Blood Falls, found in 1911 by the Australian geologist Griffith Taylor, is famous for its sporadic releases of iron-rich salty water from the Taylor Glacier into the ice-covered surface of West Lake Bonney in Victoria Land of East Antarctica, Xinhua news agency reported. The brine turns red when the iron contacts air, a mystery since its finding.

In a study published in the Journal of Glaciology, the research team led by the University of Alaska Fairbanks (UAF) and Colorado College described the brine's path of 300 feet (91 meters) from beneath Taylor Glacier to the waterfall, as new evidence linking it to a large source of salty water that may have been trapped under the glacier for more than one million years.

The team tracked the brine with radio-echo sounding, a radar method that uses two antenna – one to transmit electrical pulses and one to receive the signals. "We moved the antennae around the glacier in grid-like patterns so that we could 'see' what was underneath the ice, kind of like a bat uses echolocati­on to 'see' things around it,"co-author Christina Carr, a doctoral student at UAF, said.
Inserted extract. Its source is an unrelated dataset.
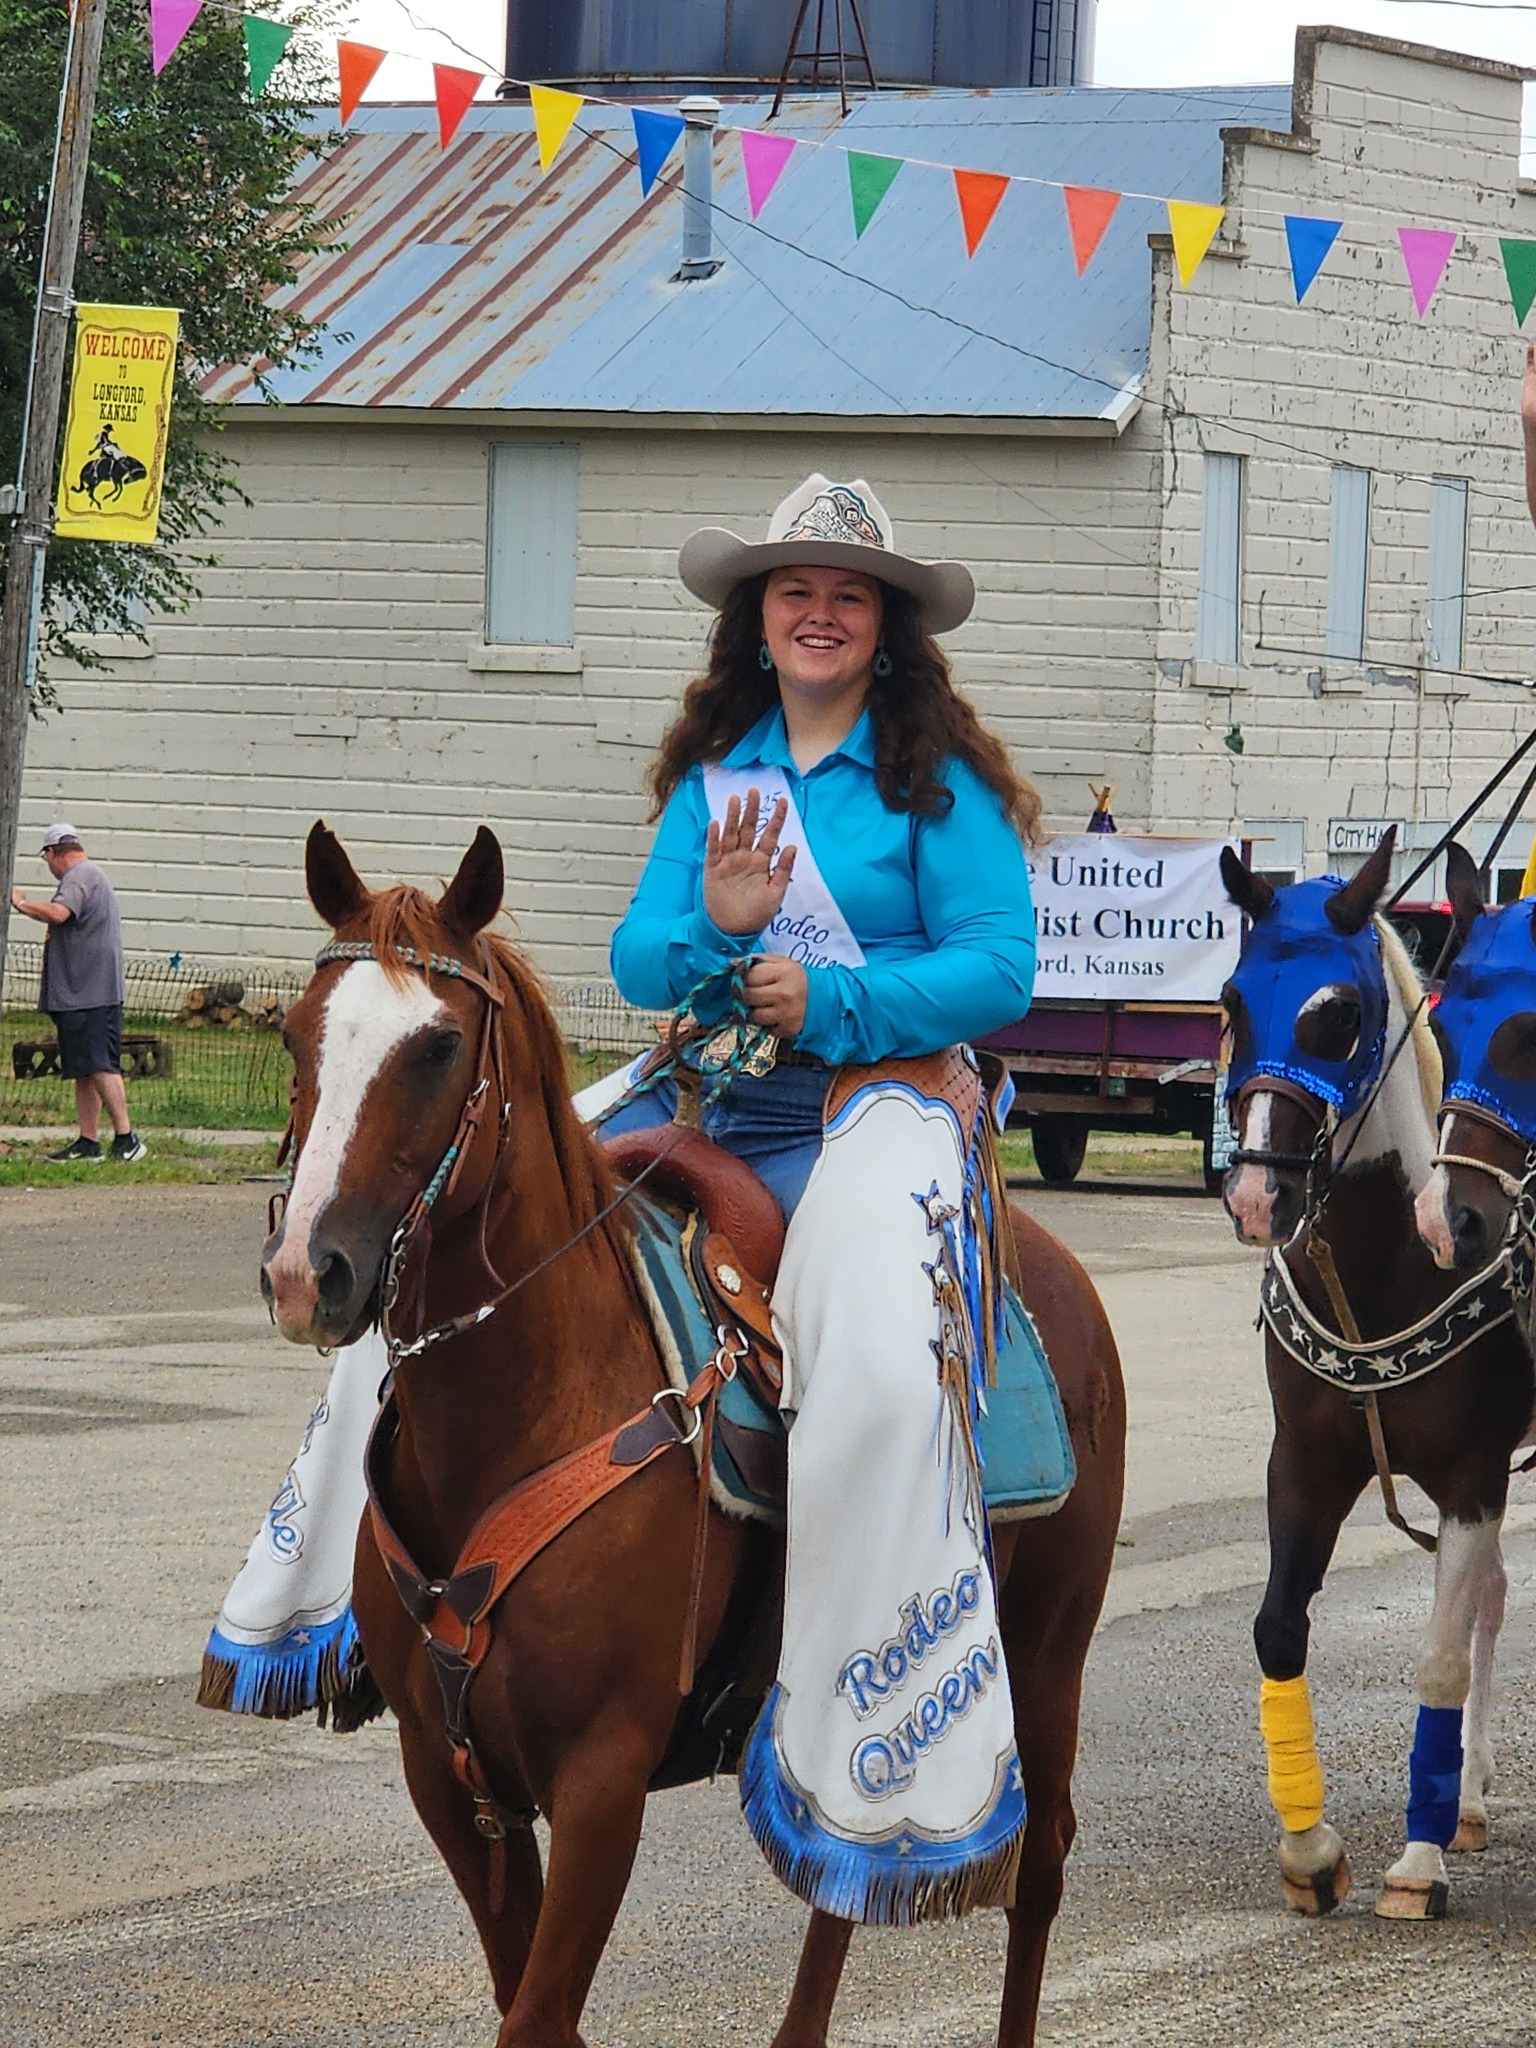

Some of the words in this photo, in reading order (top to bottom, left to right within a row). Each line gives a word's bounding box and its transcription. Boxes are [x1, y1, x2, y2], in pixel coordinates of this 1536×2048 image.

"The salts in the brine made this discovery possible by amplifying contrast with the fresh glacier ice," said lead author Jessica Badgeley.

UAF glaciologi­st Erin Pettit said her team made another significan­t discovery that liquid water can persist inside an extremely cold glacier, against previous belief among scientists that this was nearly impossible.

"While it sounds counterint­uitive, water releases heat as it freezes, and that heat warms the surroundin­g colder ice," she explained. Taylor Glacier is now the coldest known glacier to have persistent­ly flowing water.